Rabo de Peixe – 1ª Temporada (2023-)

de Sofia Alexandra Gomes

Rabo de Peixe, a nova série de produção portuguesa, dá-se na localidade açoriana Rabo de Peixe e retrata a vida pacata de Eduardo Melo (José Condessa), um jovem pescador, e dos seus melhores amigos… Até que uma tonelada de cocaína chega à costa e a vida pacata termina, iniciando um negócio de venda de droga. Contudo, terão de enfrentar a polícia e os donos dos estupefacientes no processo.

O enredo é baseado numa história verídica: a 6 de junho de 2001, a ilha de S. Miguel com pouco mais de sete mil habitantes, cuja maioria se dedicava à pesca e vivia na miséria, deparou-se com mais de 500kgs de droga ao largo das rochas na praia. Muitos aproveitaram para ganhar dinheiro fácil enquanto outros passaram mesmo para o consumo: lendas afirmam que a cocaína passou a ser utilizada como farinha para fritar o peixe e até misturada no café, como substituta do açúcar. Este episódio gerou uma onda de toxicodependência que teve repercussões até hoje: Rabo de Peixe é um dos concelhos em todo o continente europeu com maior taxa de toxicodependência.

Apesar da história fascinante, a série desaponta, dado que o guião nada tem de inovador, chegando até a ser repetitivo e maçador no modo como nos apresenta o enredo: os diálogos são demasiado simples. Para um grupo de jovens que rouba droga à máfia italiana o que há de desafiante é (mesmo) muito pouco, sendo que se reduz ao processo de criação dos esconderijos para colocar a droga de modo a fugir à polícia e às overdoses que pontualmente aparecem nos habitantes da ilha, exigindo que o grupo tenha mais zelo. Além disso, os papéis da dupla da máfia italiana, interpretados por Monti (Francesco Acquaroli) e Francesco Bonino (Marcantonio Del Carlo), são bastante fracos per si, isto é, as próprias representações dessas personagens no argumento e, por sua vez, isso reflete-se nas suas interpretações, pois não há muito a fazer quando o material a trabalhar é fraco.

O dramatismo da série é pobremente explorado, por isso o foco resume-se em explorar a narrativa apenas numa perspectiva de entreter o espectador, ou seja, Rabo de Peixe apresenta-nos um trabalho de mero entretenimento. Mesmo a própria pobreza em que os habitantes da ilha vivem, apesar de visível através dos cenários e do modo simples de vida que levam, carece de profundidade.

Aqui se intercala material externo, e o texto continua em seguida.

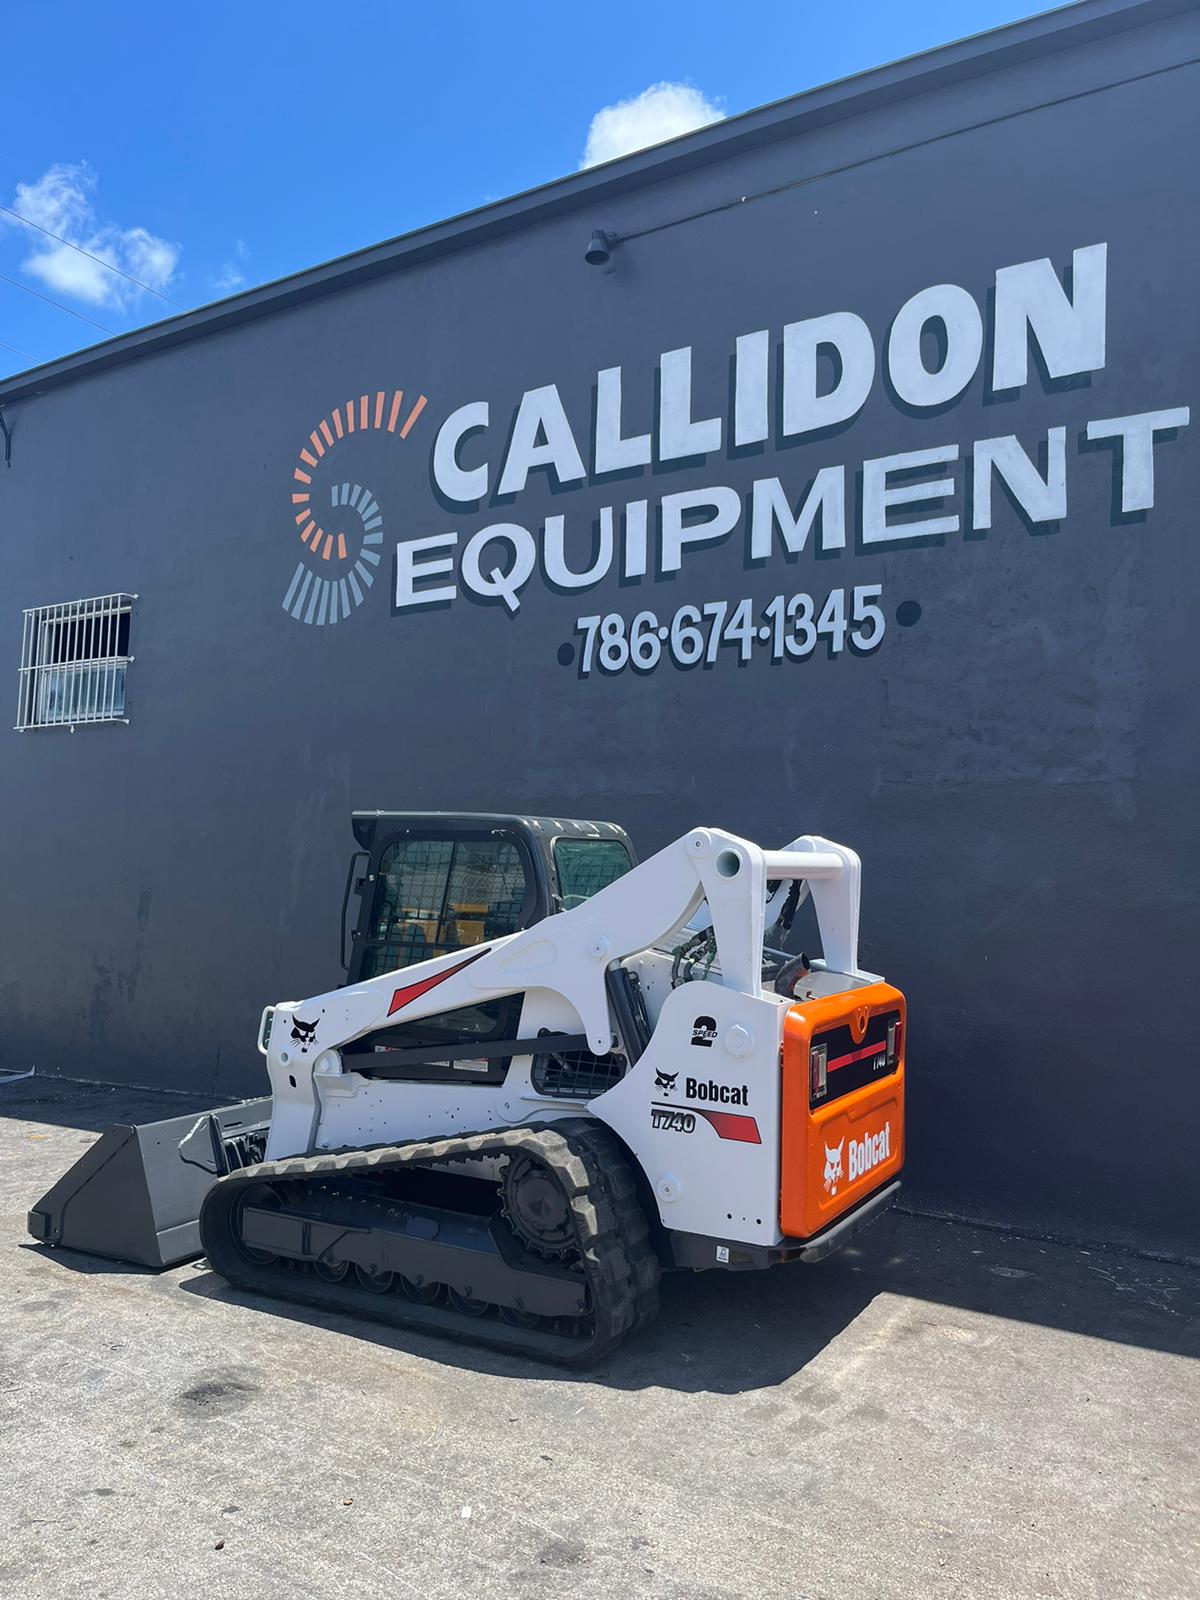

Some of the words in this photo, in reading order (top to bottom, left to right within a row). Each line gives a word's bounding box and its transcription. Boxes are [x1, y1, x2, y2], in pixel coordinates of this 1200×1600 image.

[432, 242, 1108, 503] CALLIDON
[394, 406, 1191, 611] EQUIPMENT
[691, 1015, 717, 1047] 2
[692, 1029, 718, 1039] SPEED
[685, 1077, 749, 1106] Bobcat
[651, 1108, 696, 1134] T740
[848, 1121, 890, 1182] Bobcat

Os papéis de Arruda (Albano Jerónimo) e de Uncle Joe (Pepe Rapazote) são os únicos que prendem o espectador para continuar a ver a série, mas especialmente a personagem interpretada por Albano Jerónimo que nos seus laivos de malvadez e chalupice capta à atenção da audiência que fica colada ao ecrã. Aliás, esta personagem é a que dinamiza o elenco e atribui uma qualidade única à série. 

Há que destacar também a personagem Jeremias Melo (Adriano Carvalho), pai de Eduardo Melo, que é cuidado pelo filho devido à sua cegueira, que merece uma menção honrosa, bem como a estreia do humorista Salvador Martinha na ficção, que interpreta Francisco, e a excentricidade de Carlinhos (André Leitão), como personagem gay numa vila bastante conservadora e recôndita. Já José Condessa fica muito aquém do que seria expectável para um protagonista e a inspectora Paula (Maria João Bastos) também não cativam como personagens.

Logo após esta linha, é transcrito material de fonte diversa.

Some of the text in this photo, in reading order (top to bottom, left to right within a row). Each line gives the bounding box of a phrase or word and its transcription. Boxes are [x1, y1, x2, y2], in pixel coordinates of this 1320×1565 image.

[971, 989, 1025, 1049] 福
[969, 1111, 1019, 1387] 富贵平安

A série rapidamente alcançou sucesso nacional, não obstante, honestamente, tal não se deve à qualidade da série, visto que até mesmo a nível técnico, como a direção de fotografia, apesar de bem executada (valores de produção assim o exigiam), simplesmente não surpreende.  Existe também o problema das personagens viverem nos Açores, sem nunca terem saído da localidade, mas possuírem sotaque lisboeta, tornando a série pouco cativante e menos envolvente: a representação do carácter regional é praticamente inexistente. Aliás, os próprios Açorianos já criticaram esta falta de representatividade.

No fundo, ainda que o enredo de Rabo de Peixe não seja propriamente original, tinha algum potencial não foi devidamente aproveitado: a identidade desta história foi menosprezada em prol da criação de um produto vendível para o mercado da Netflix que por essa razão tem de ser estandardizado.